§ SOURCE MATERIAL
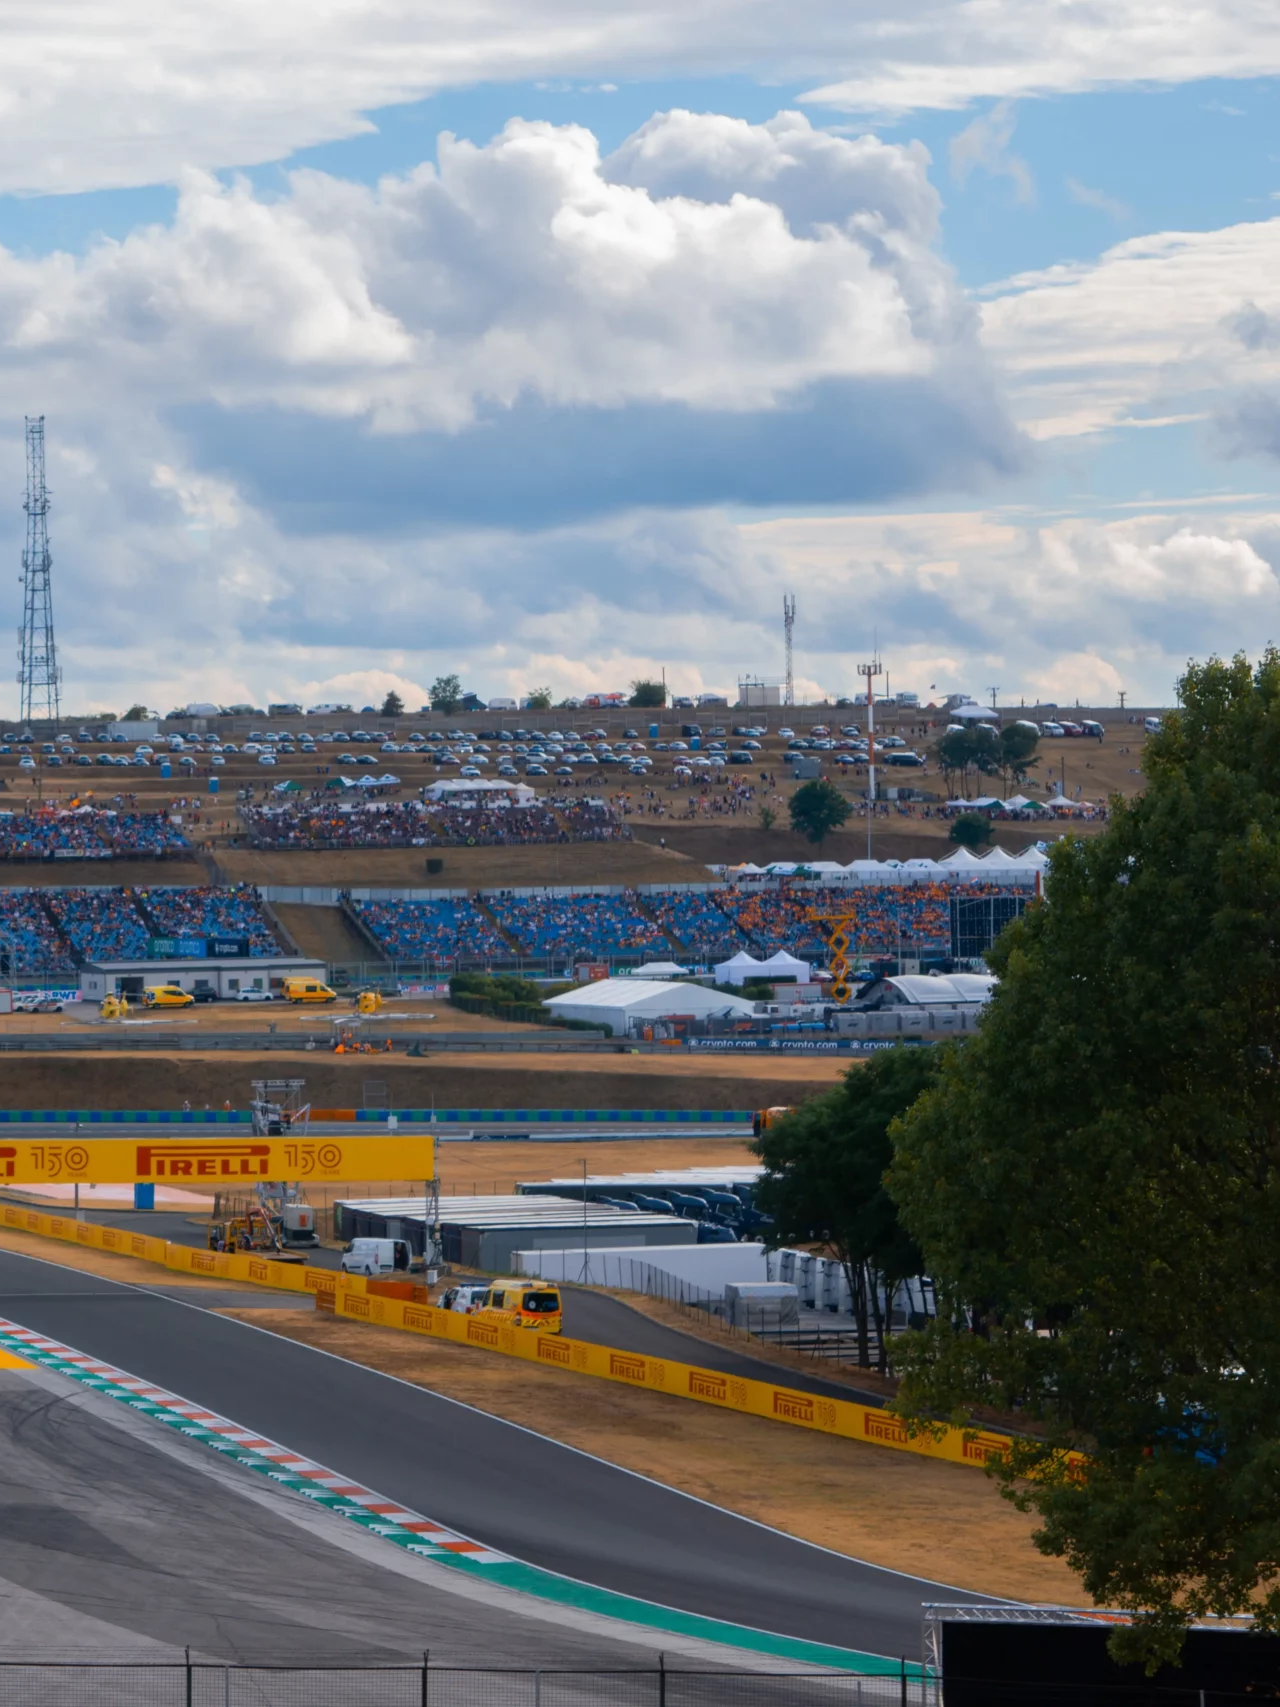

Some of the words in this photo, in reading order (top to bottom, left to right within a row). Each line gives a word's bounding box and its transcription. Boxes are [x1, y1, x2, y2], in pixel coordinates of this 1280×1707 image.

[52, 991, 76, 1000] BWT
[701, 1039, 757, 1047] crypto.com
[782, 1041, 838, 1049] crypto.com
[31, 1146, 89, 1178] 150
[136, 1145, 270, 1176] PIRELLI
[284, 1144, 342, 1175] 150
[344, 1293, 370, 1317] PIRELLI
[403, 1306, 432, 1332] PIRELLI
[467, 1319, 498, 1346] PIRELLI
[537, 1337, 570, 1364] PIRELLI
[610, 1353, 645, 1382] PIRELLI
[688, 1371, 727, 1401] PIRELLI
[773, 1391, 813, 1422] PIRELLI
[864, 1412, 908, 1444] PIRELLI

§ TASK GOAL
Your copy should match the entries exactly, minus the pictures.

§ TASK RESPONSE
Some of the words in this photo, in reading order (top to bottom, left to right within a row). Each line gives a word's bounding box and its transcription. Boxes are [x1, y1, x2, y2], in pixel coordinates of this 1280×1707 image.

[52, 991, 76, 1000] BWT
[701, 1039, 757, 1047] crypto.com
[782, 1041, 838, 1049] crypto.com
[31, 1146, 89, 1178] 150
[136, 1145, 270, 1176] PIRELLI
[284, 1144, 342, 1175] 150
[344, 1293, 370, 1317] PIRELLI
[403, 1306, 432, 1332] PIRELLI
[467, 1319, 498, 1346] PIRELLI
[537, 1337, 570, 1364] PIRELLI
[610, 1353, 645, 1382] PIRELLI
[688, 1371, 727, 1401] PIRELLI
[773, 1391, 813, 1422] PIRELLI
[864, 1412, 908, 1444] PIRELLI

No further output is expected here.